I’m sure when you read the title of this article, the first places to pop into mind aren’t those chain franchises that you can find in even the most remote parts of almost any town (read: Starbucks or CBTL). If you managed to guess it’s the quaint artisanal cafés and coffee joints that have been sprouting up in the Klang Valley, most notably in places like Bangsar, Mont Kiara and the KL City Center, kudos to you! And who’s complaining? But what exactly is the pull these coffee connoisseurs have on the customers, apart from the avant-garde art and the quick caffeine fix?

It can be said that the quality of the coffee beans which these joints use that actually play a major part when it comes to the handcrafted java. To get coffee that good, something’s gotta give though, and it comes in the form of the price for one serving. In order to get the right grade of beans to produce these delicious cuppas, they’re flown specially into Malaysia from all over the world, and they don’t come cheap! The costs are then passed on to the customers, and we do feel the pinch on our pockets.

On that note, we decided to round up a list of 5 of the popular, yet more affordable, coffee cafés that one can head to in order to fix those jitters or blues. Nothing beats the aroma of freshly brewed coffee and the cosily warm atmosphere of most of these places!
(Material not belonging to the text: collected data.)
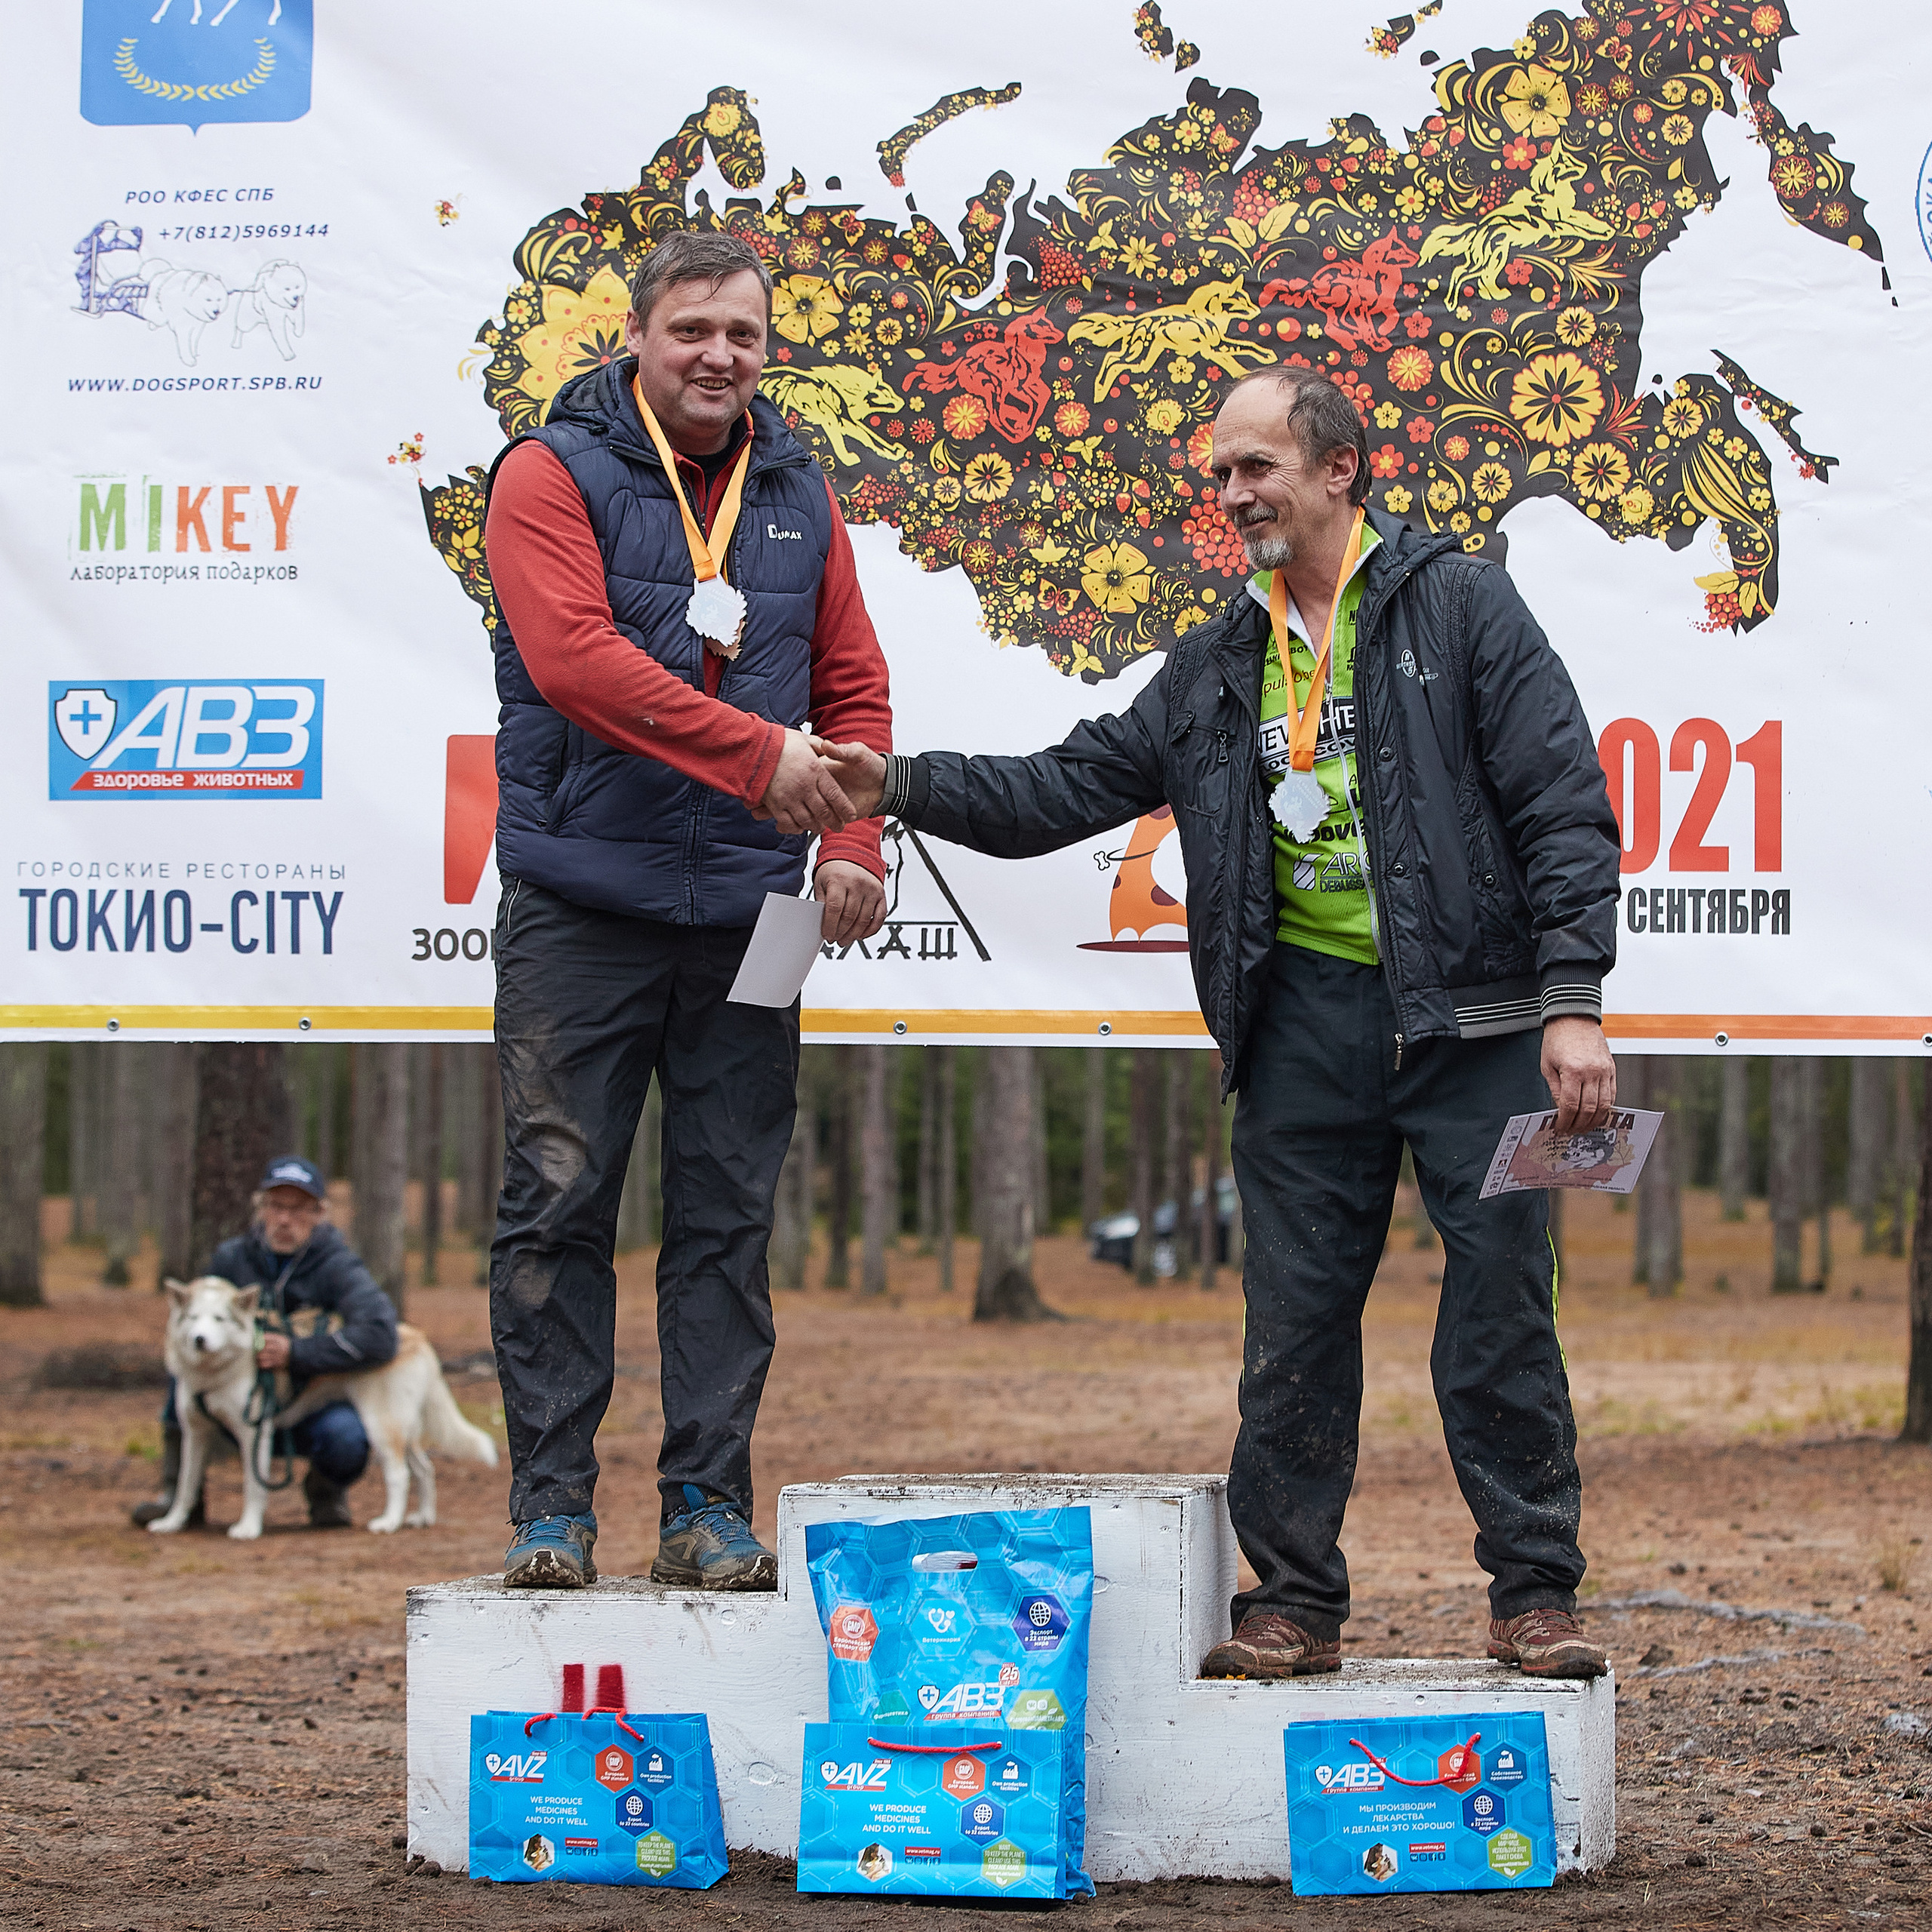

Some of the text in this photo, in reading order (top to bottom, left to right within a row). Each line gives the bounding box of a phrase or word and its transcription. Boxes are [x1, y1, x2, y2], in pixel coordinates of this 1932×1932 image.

[125, 188, 275, 204] РОО КФЕС СПБ
[159, 224, 329, 242] +7(812)5969144
[68, 376, 322, 392] WWW.DOGSPORT.SPB.RU
[79, 484, 299, 552] MIKEY
[70, 561, 298, 584] лаборатория подарков
[89, 686, 315, 769] АВЗ
[94, 773, 293, 790] здоровье животных
[17, 861, 346, 880] ГОРОДСКИЕ РЕСТОРАНЫ
[1627, 887, 1791, 935] СЕНТЯБРЯ
[1001, 1666, 1019, 1681] 25
[494, 1755, 547, 1779] AVZ
[830, 1762, 891, 1786] AVZ
[544, 1797, 583, 1805] PRODUCE
[869, 1804, 927, 1814] WE PRODUCE
[1359, 1802, 1436, 1813] МЫ ПРОИЗВОДИМ
[535, 1806, 578, 1816] MEDICINES
[874, 1814, 920, 1823] MEDICINES
[1372, 1813, 1424, 1823] ЛЕКАРСТВА
[525, 1816, 542, 1824] AND
[557, 1817, 566, 1825] IT
[1352, 1823, 1389, 1835] ДЕЛАЕМ
[1392, 1823, 1409, 1832] ЭТО
[1411, 1821, 1455, 1831] ХОРОШО!
[862, 1824, 931, 1835] AND DO IT WELL
Artisan Roast Coffee, TTDI / Bangsar/ PJ – RM5 to RM10

Considered to be one of the pioneers on the scene, one of the great things about Artisan is that the prices of their coffees are really affordable, considering the origins of the beans used. They only create handcrafted coffee from specialty grade beans that make up the top 2% of those produced in the world. Which means the beans have zero defects, and that translates into an almost-perfect result. And how much would that set you back by? If you can believe it, the prices for the coffee range will only set you back by RM5 – RM10, depending on your choice of beverage. In addition, there’s the dutiful selection of sweet treats such as cakes to add a saccharine buzz to your day.

Antipodean Café, Bangsar – RM6 to RM10

Located in Bangsar, some people would usually grouse about the limited parking spaces available, and the sometimes long wait for tables but this is usually quelled by the tantalising cuppa awaiting their taste buds! This is one of the cafes which still have crowds of people thronging it, especially on a weekend, even though they’ve been on the scene for the past 3 years. Featuring a top-rate menu with lots of classic good food to warm the tummy, it’s the freshly brewed coffee that catches our eye! The beans are only sourced from Indonesia’s top specialty roaster, Merdeka Coffee, so you can be assured of the quality. Expect a price range of RM6 – RM10 for their brews.
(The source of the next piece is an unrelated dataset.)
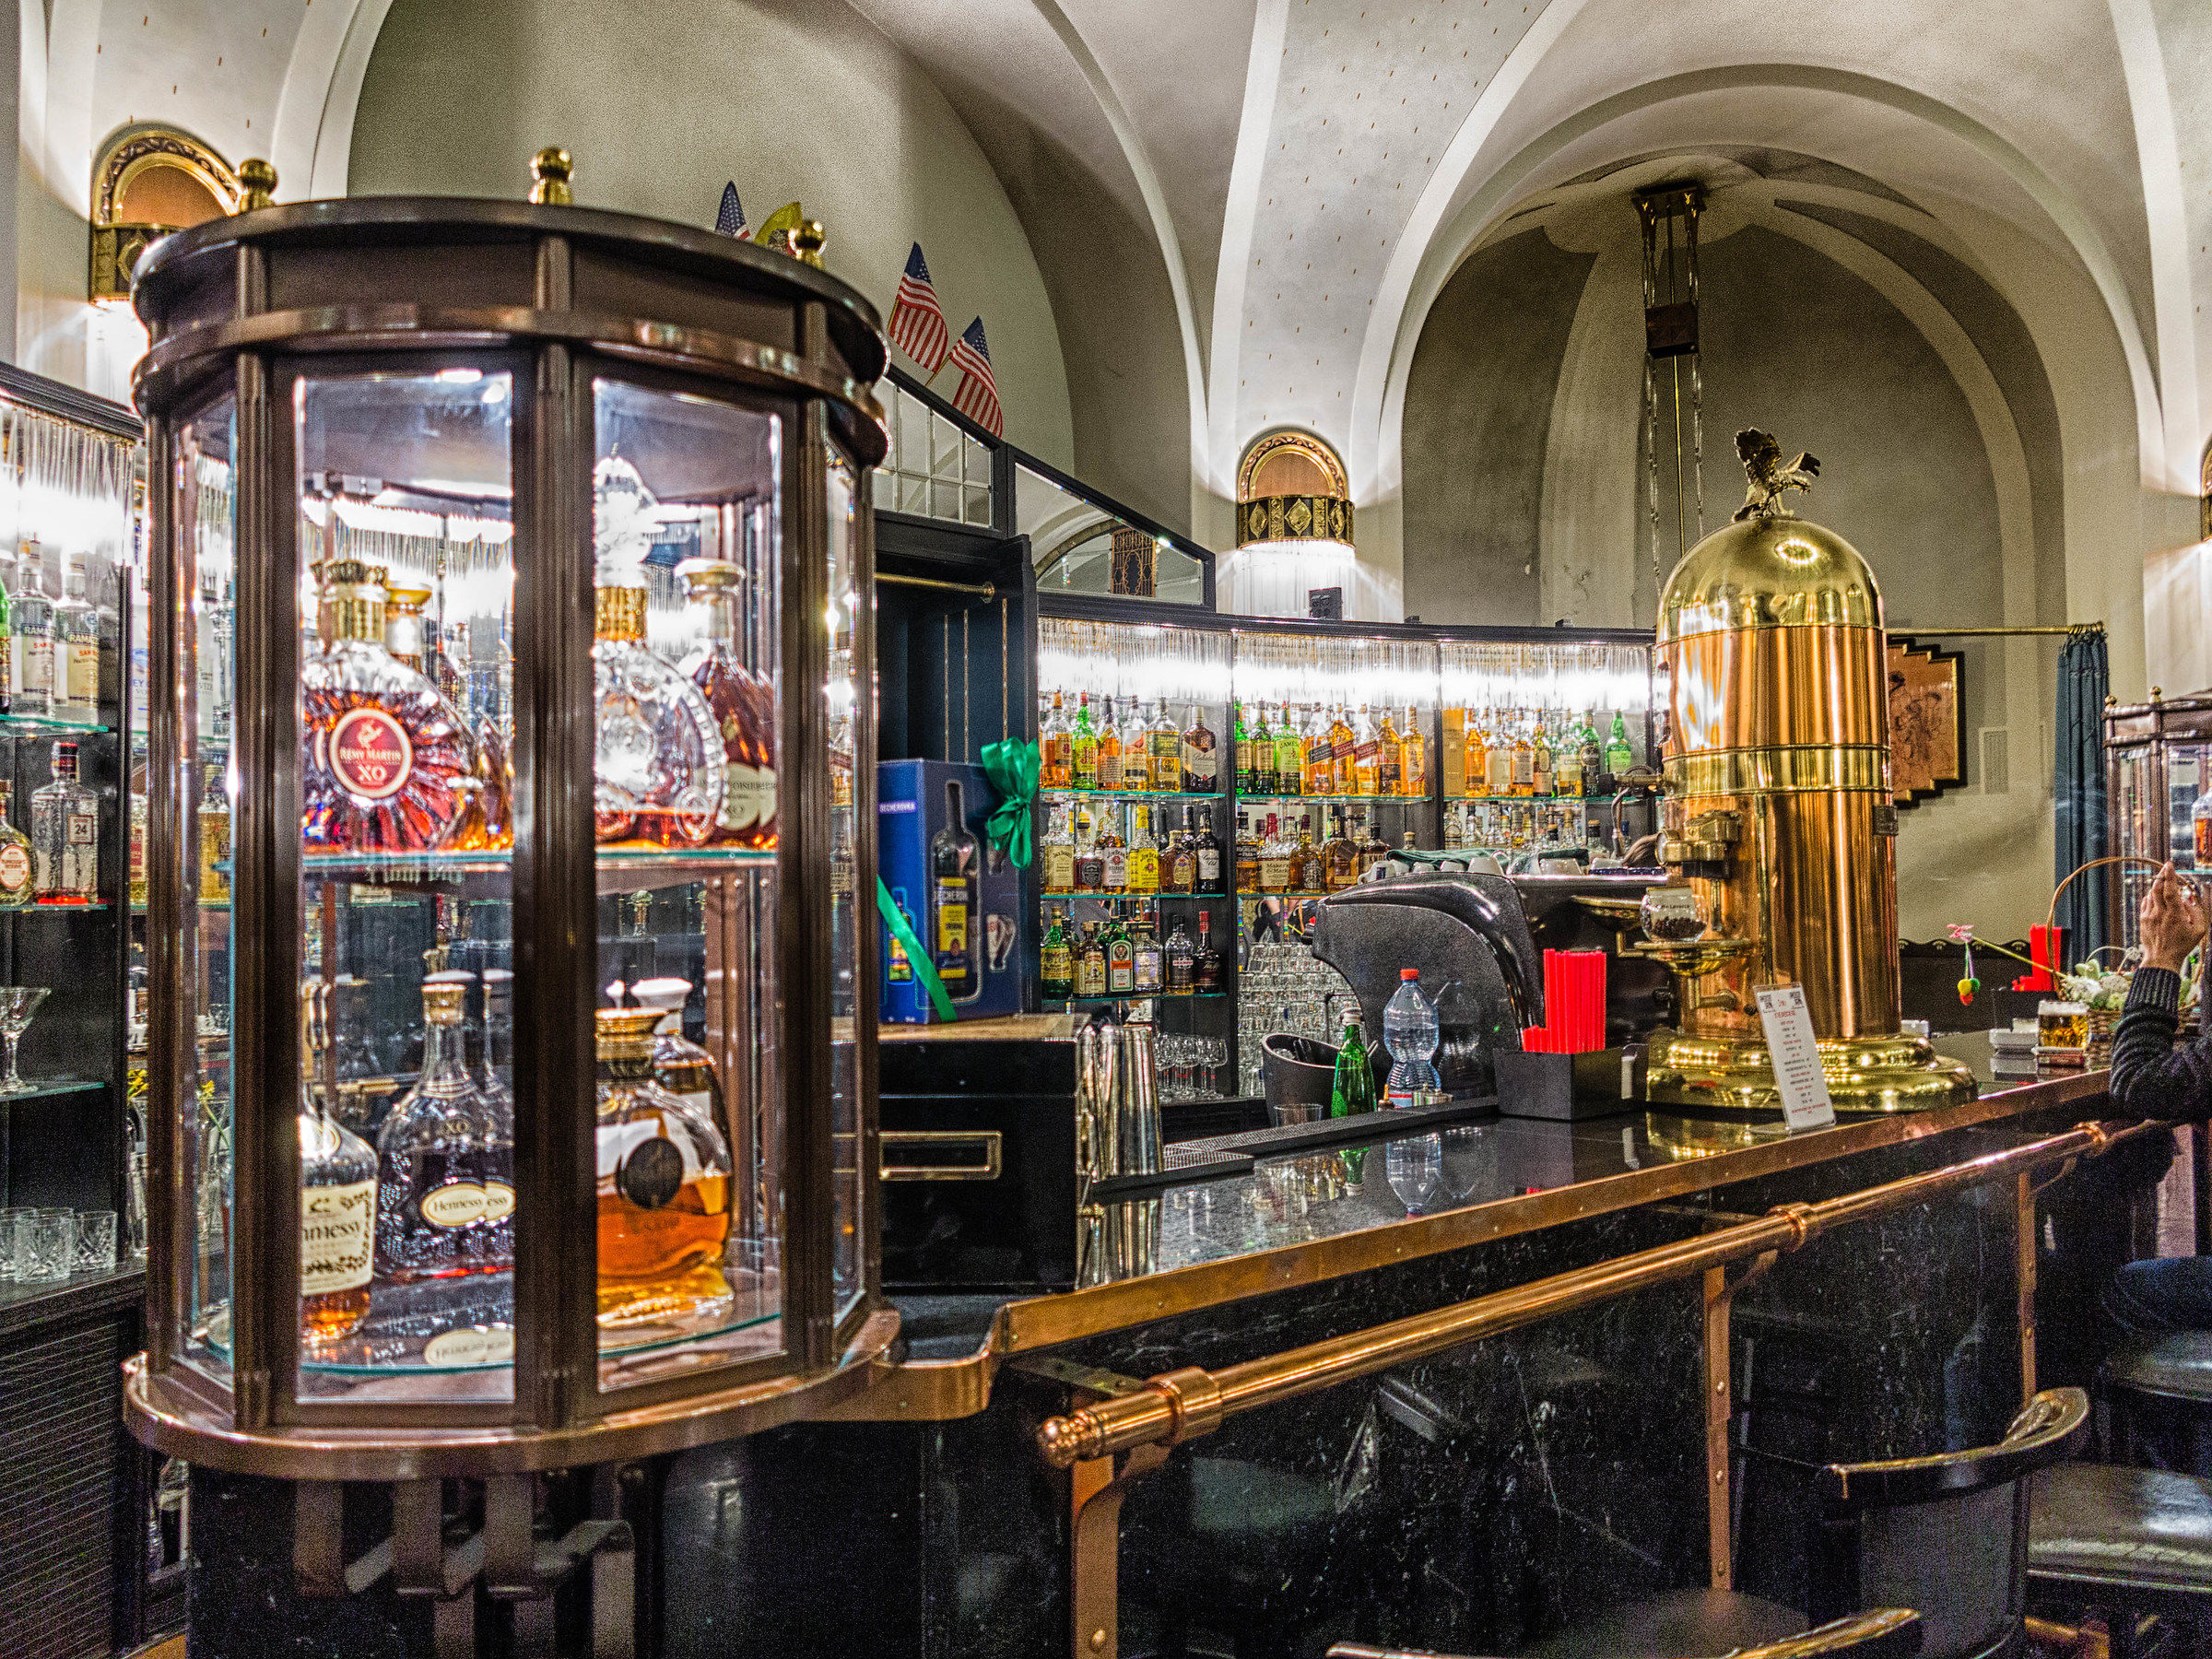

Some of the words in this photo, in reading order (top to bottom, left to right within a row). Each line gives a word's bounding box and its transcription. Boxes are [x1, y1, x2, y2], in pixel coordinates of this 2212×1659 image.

[358, 764, 387, 782] XO
[75, 823, 88, 835] 24
[432, 1198, 484, 1212] Hennessy
Coffee Societe, Publika – RM5.50 to RM11

It’s very important to ensure that customers are happy as they sip on their handcrafted beverages, and here at Coffee Societe, one can find enough happiness to chase those blues away. Apart from the hearty comfort food and decadent desserts served here, there’s their Melbourne-inspired coffees with a price range of about RM5.50 – RM11 for their hot and cold beverages. For all those addicted to caffeine, hearken up to good news! There’s an ongoing promotion where on the 1st and 3rd Friday of every month, you can have a free flow of as much coffee of your choice as you want for only RM15 nett. That’s right, more reason for you to celebrate!

Top Brew Coffee, Hartamas – RM6 to RM10

This café, tucked away in Sri Hartamas, is led by one of espressolab’s former employees who managed to win the 2012 national Malaysia Barista Championship as well as emerge 2nd runner-up in the regional Food Hotel Asia Barista Challenge: JH Yee. An unpretentious café, the coffee beans are the stars of the show as they are sourced from 2 different suppliers: Lighthouse (Penang) and 5 Senses (Australia). There’s even a special blend of coffee available at the café called the Panama Don Pachi Geisha that will set you back RM25 per serving! Worry not, the coffee blends there have a price range of RM6 – RM10 for those who are looking for their regular fix.
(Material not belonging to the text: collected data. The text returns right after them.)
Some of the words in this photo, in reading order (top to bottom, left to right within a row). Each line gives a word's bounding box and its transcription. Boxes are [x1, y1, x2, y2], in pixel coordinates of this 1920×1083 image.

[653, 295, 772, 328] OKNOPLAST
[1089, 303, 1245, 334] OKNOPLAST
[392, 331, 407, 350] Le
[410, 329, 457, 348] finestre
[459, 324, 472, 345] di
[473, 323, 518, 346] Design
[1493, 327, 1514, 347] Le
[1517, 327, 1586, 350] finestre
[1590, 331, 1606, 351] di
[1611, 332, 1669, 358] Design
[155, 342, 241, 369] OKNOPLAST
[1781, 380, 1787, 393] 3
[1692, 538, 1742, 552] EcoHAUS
Ministry of Coffee, Mont Kiara – RM5.80 to RM12.80

Finally, if you are someone who would like to enjoy a good brew made from fair-trade beans (it will feed your conscience as well), check out Ministry of Coffee and their coffee beans! They are sourced from Doi Chaang, located north-west of Thailand, and the profits are shared fairly amongst thousands of indigenous Akha farmers. With that said, how are the prices like? They can cost a wee bit more, with prices from RM5.80 – RM12.80, but they have the equipment and expertise to whip up a fairly mean cuppa. And for those who wish to satiate a growling stomach, rejoice for they serve savoury brunches and hearty mains all day!

We are well aware that there are heaps of cafes that are just as outstanding in their coffees, with matching price tags as well; there could probably be new ones popping up even as the writer is typing this! But we’re definitely not capable of covering all of them in one article, the list might be a mile-long by the time we’re done!

However, one thing is for sure. For the ultimate caffeine fix (though perhaps not as healthy or individually brewed specially for you), your local mamak will be the place to go! Now this is the place where it’s cool to be seen, whether for that quick catch-up session with pals, a late supper or for a general chill-out. It doesn’t hurt that the price of a “kopi o ais kaw” will cost you about the same price as 1/3 of the cheapest blends at one of the cafes above!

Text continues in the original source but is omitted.